In a statement on their website Friday, Dairy Farmers of Canada president David Wiens says the organization recommends that the Canadian Dairy Commission delay any price adjustment on milk until further notice.
“Dairy farmers and their families are also consumers and experience the high cost of food these days,” Wiens says in the statement.
The recommendation comes after the Canadian Federation of Independent Grocers last week called for a pause on any further increases to milk prices. The Canadian Dairy Commission is a Crown corporation that reviews the price dairy farmers are paid for their milk every fall, with adjustments to that price made in February.
This year, the commission's formula determined that price could go up 1.77% in February.
However, if one or more stakeholders invoke an “exceptional circumstance mechanism,” which the independent grocers did, the price adjustment will instead be set through consultations. The CFIG was the only stakeholder to invoke this mechanism, says Canadian Dairy Commission spokesman Philippe Charlebois in an email.
“As such, the application of the National Pricing Formula is suspended, and the CDC will host consultations with stakeholders to determine any farmgate price adjustments,” he says, adding the results will be communicated no later than Nov. 1.
CFIG senior vice-president Gary Sands wrote in his letter to the commission invoking the mechanism that the grocery industry is in an exceptional situation this year.
Grocery retailers, especially the biggest chains in the country, are under pressure from Ottawa to keep prices stable. Industry Minister Francois-Philippe Champagne recently announced the major grocers have promised to offer discounts, price freezes and price matching after he called on them to come up with plans to stabilize prices.
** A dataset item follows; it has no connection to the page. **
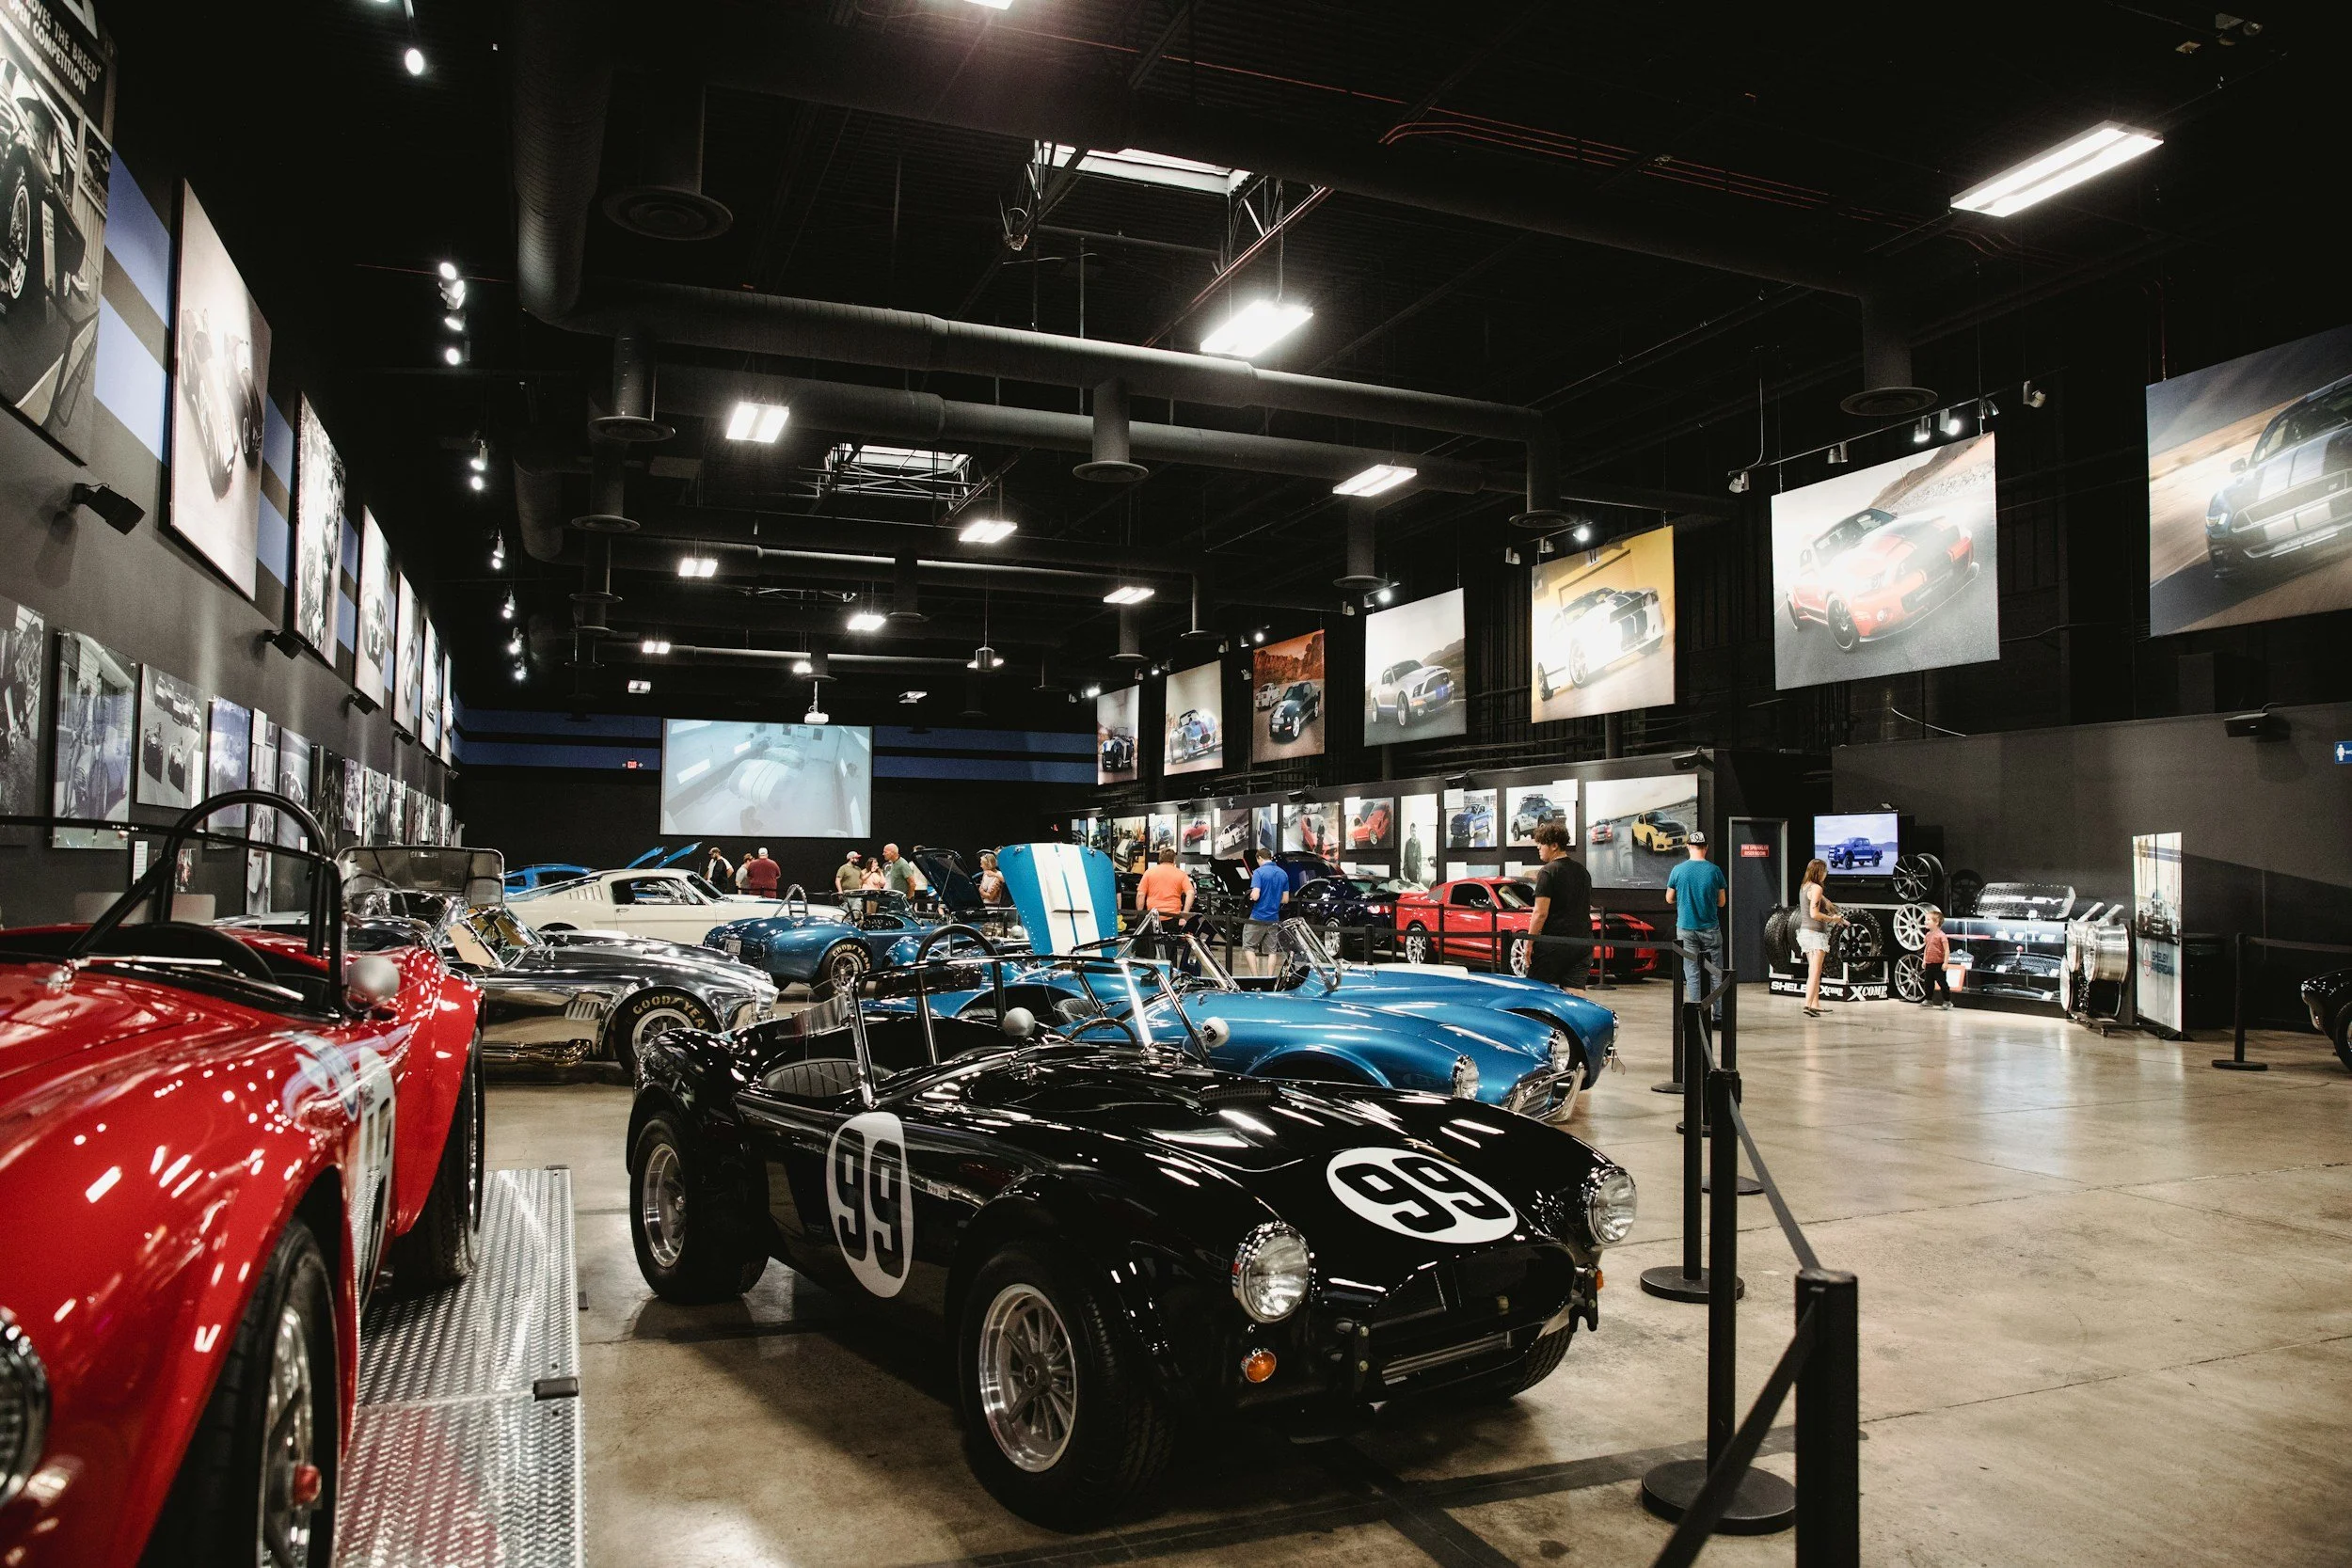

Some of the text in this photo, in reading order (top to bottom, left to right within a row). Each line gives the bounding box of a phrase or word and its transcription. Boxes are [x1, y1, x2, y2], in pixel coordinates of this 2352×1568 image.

[33, 21, 87, 95] COMPETITION
[55, 21, 70, 51] THE
[835, 1127, 904, 1279] 99
[1334, 1157, 1511, 1234] 99
Sands applauded the DFC's call for a delay. “I think they've read the room,'' he says. “Things are very tough out there for Canadians right now, and this is not an appropriate time for those kinds of increases to go through.”
With the dairy farmers throwing their support behind delaying a price adjustment, “I don't see how the commission, quite frankly, can proceed with recommending anything but a pause,” Sands says.
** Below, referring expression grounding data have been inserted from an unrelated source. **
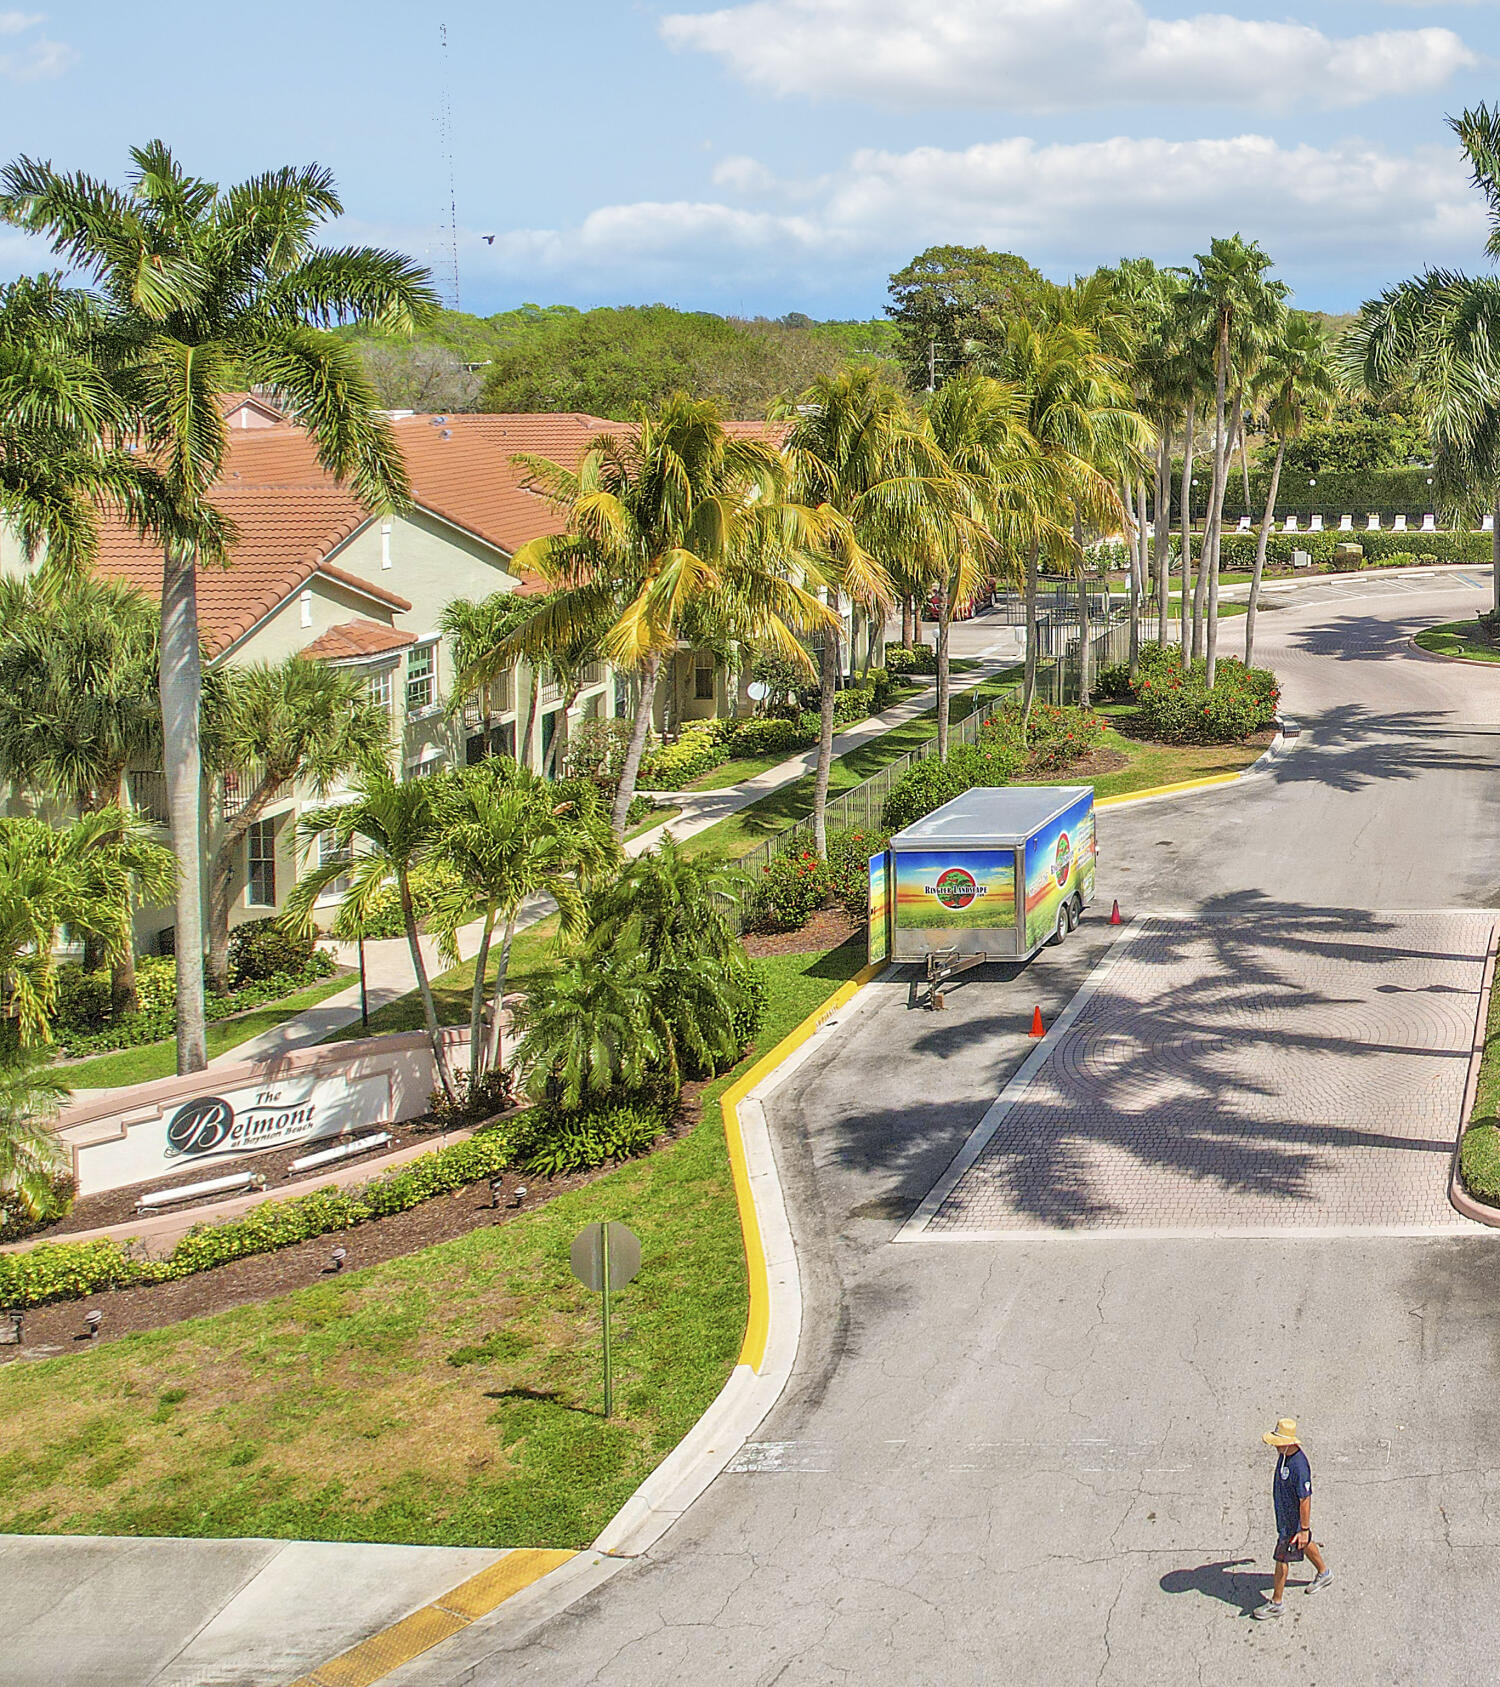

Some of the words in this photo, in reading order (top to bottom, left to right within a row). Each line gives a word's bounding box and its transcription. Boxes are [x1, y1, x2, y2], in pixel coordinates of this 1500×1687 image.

[255, 1091, 282, 1105] The
[164, 1102, 316, 1158] Belmont
[230, 1140, 241, 1148] at
[243, 1131, 282, 1146] Boynton
[284, 1122, 314, 1136] Beach
Last year, the commission approved a rare second increase to the farmgate price of milk, citing rising costs for farmers amid high inflation. The 2.5% increase in September 2022 came after the farmgate price of milk rose 8.4% in February that year.
Wiens notes in the DFC statement that the price consumers pay for dairy products is ultimately determined by other players in the supply chain.
“Our hope is that our decision will result in other actors maintaining the price of dairy products,” he says.